I don't intend to supervise; I want to watch.  I'm a voyeur.  I don't distract, other than my charm and good looks, because I want the good job.  It's just that I want to know what they mean when they say, "Jimbob, lookie here..."

Although if you come fix the shower tile that is getting worse every time I touch it, I promise to leave you alone.


----------



## oldognewtrick (Mar 11, 2010)

Savy, I mean this with all respect, but the questions you are posting here should of been asked to the people doing your foundation repair. If you have enough faith in them to hire them then give them space to do their job. Not saying you can't see what their doing but don't get in the way. And I hope everything goes for the best. Let us know how things turn out.


----------



## Wuzzat? (Mar 11, 2010)

SavvyCat said:


> I guess THIS is what husbands are for.


Among other things. . .


----------



## SavvyCat (Mar 13, 2010)

You guys are mean.


----------



## Wuzzat? (Mar 13, 2010)

SavvyCat said:


> You guys are mean.


So, were your anxieties realized?


----------



## SavvyCat (Mar 13, 2010)

See my new post.

Anxieties are still there, though.  Yeah.  But that's actually just my nature.


----------



## Wuzzat? (Mar 13, 2010)

SavvyCat said:


> Anxieties are still there, though.  Yeah.  But that's actually just my nature.


Nah, c'mon, nowadays there is
http://en.wikipedia.org/wiki/File:Serotonin_(5-HT).svg
It must work if they had to search through 50,000 compounds, and sacrifice many lab animals, before they hit on this!    Plus all the money they spent on this research. . .

Support your local drug company!  And your local foundation guys!


----------



## SavvyCat (Mar 13, 2010)

Hey, I tried the drugs.  Even the really good ones.  They don't work for squat.

Oh, and I did support the local foundation guys.  I smiled kindly and asked if they would take this concrete covered pole with them that was left in the back by the former owner.  They did, and even still I felt compelled to slip them a twenty for it.


----------



## Wuzzat? (Mar 13, 2010)

SavvyCat said:


> I felt compelled to slip them a twenty for it.


Compelled is the keyword here. . .
Anyway, you da' Ma'am!


----------



## oldognewtrick (Mar 13, 2010)

SavvyCat said:


> You guys are mean.



Savy, we are not mean, we just want you to have realistic expectations, thats all.

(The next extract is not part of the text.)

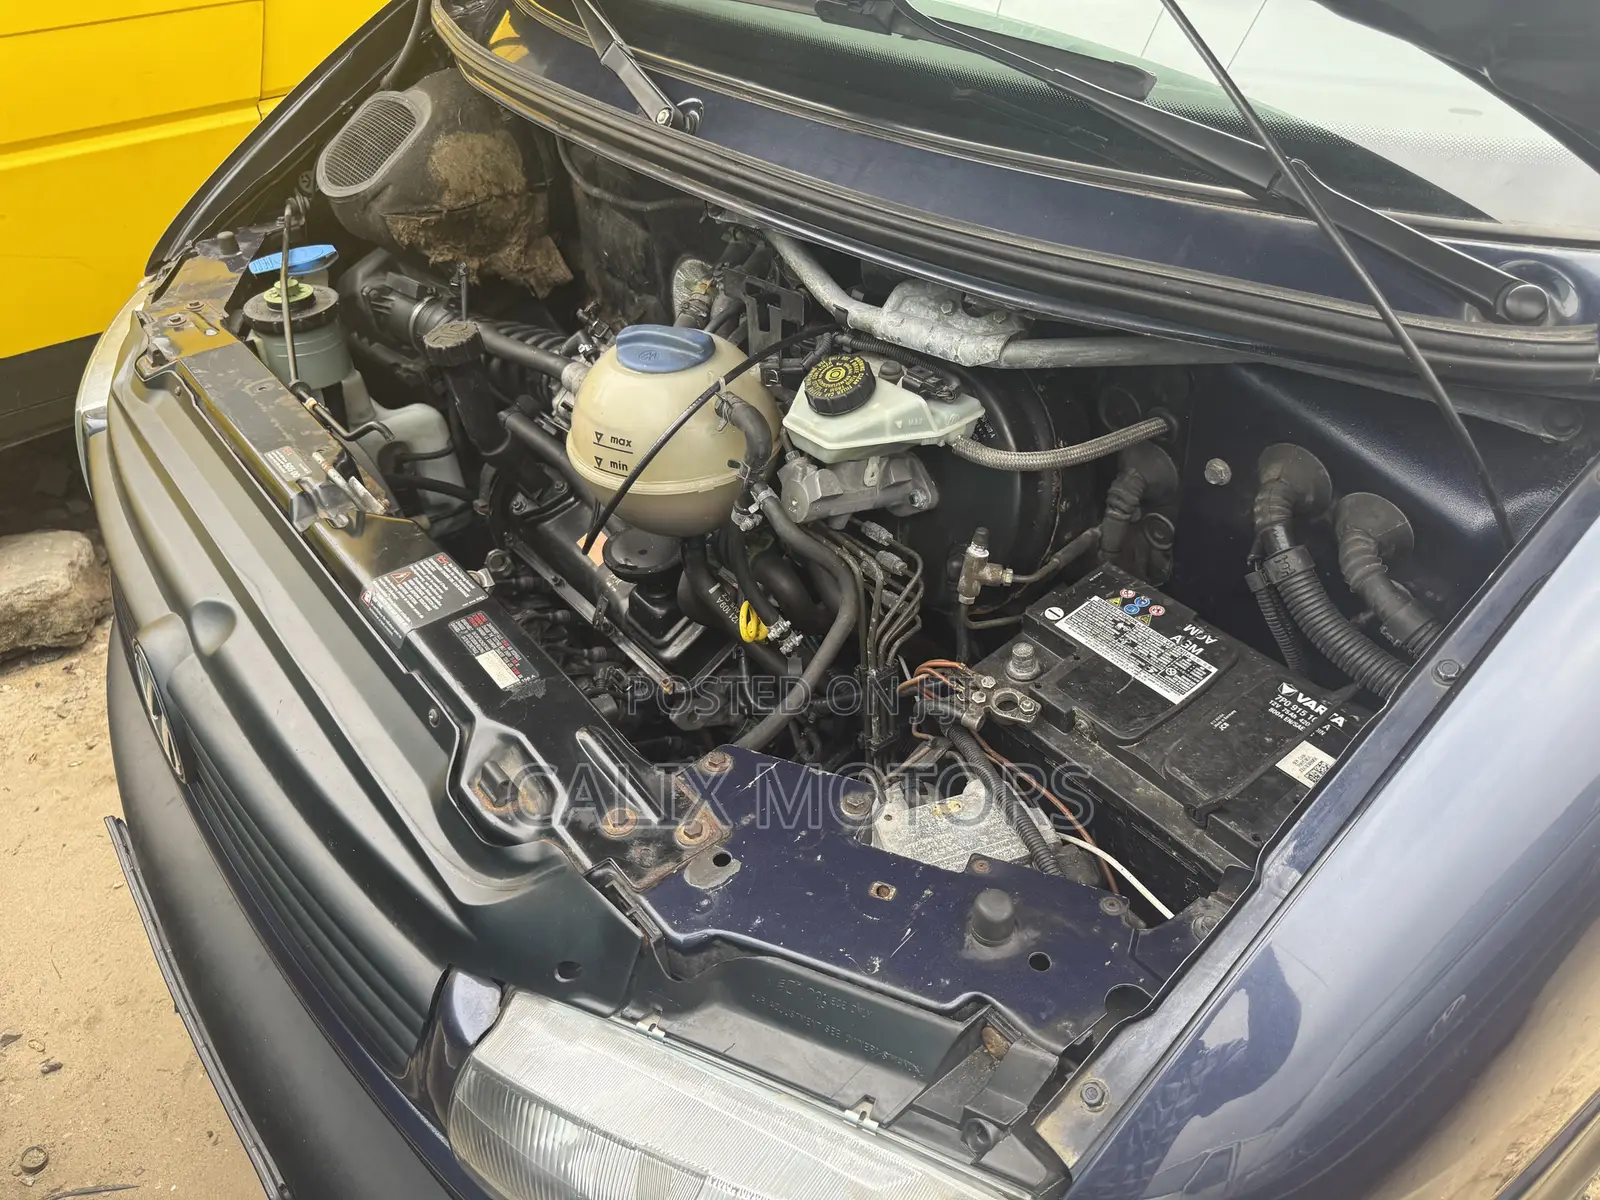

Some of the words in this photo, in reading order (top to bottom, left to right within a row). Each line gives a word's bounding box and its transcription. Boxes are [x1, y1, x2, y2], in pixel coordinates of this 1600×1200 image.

[611, 436, 632, 448] max
[610, 460, 628, 472] min
[1290, 703, 1308, 718] 915

and Buds wrapped up in American Idol right now so....


----------



## SavvyCat (Mar 13, 2010)

My reality perspective is always a bit skewed.  Still, it makes me try stuff that you wouldn't think would work, but it does.  For instance, my shower tile project.  I don't know if you boys have ever heard of Freecycle.org, but it's a place to offer and ask for stuff for free.  I put up a want for any amount of RedGard.  I actually got it!  A guy had a quarter pail he didn't want to throw away.  

In the end, I bought a house expecting my dad to be available for questions and support, maybe even coax him out for projects.  Who knew computer solitaire was deadly?


----------



## oldognewtrick (Mar 13, 2010)

SavvyCat said:


> In the end, I bought a house expecting my dad to be available for questions and support, maybe even coax him out for projects.  Who knew computer solitaire was deadly?



Savvy, sorry to hear about your dad, we are here for support if you need us, just ask and I'm sure he's proud of what you are doing on your own. 

Now go update those before pics!


----------



## Wuzzat? (Mar 14, 2010)

SavvyCat said:


> Who knew computer solitaire was deadly?


I hope he at least got to live out his allotted ~85 years.


----------



## SavvyCat (Mar 14, 2010)

Interesting thing about it is that my grandfather, his father, died at the age of 77 in November after coming in from working outside.  He was just going to close his eyes for a few minutes while grandma fixed his lunch.  He just died sitting in the chair.  My father had always said he hoped he went as quickly and peacefully as his father.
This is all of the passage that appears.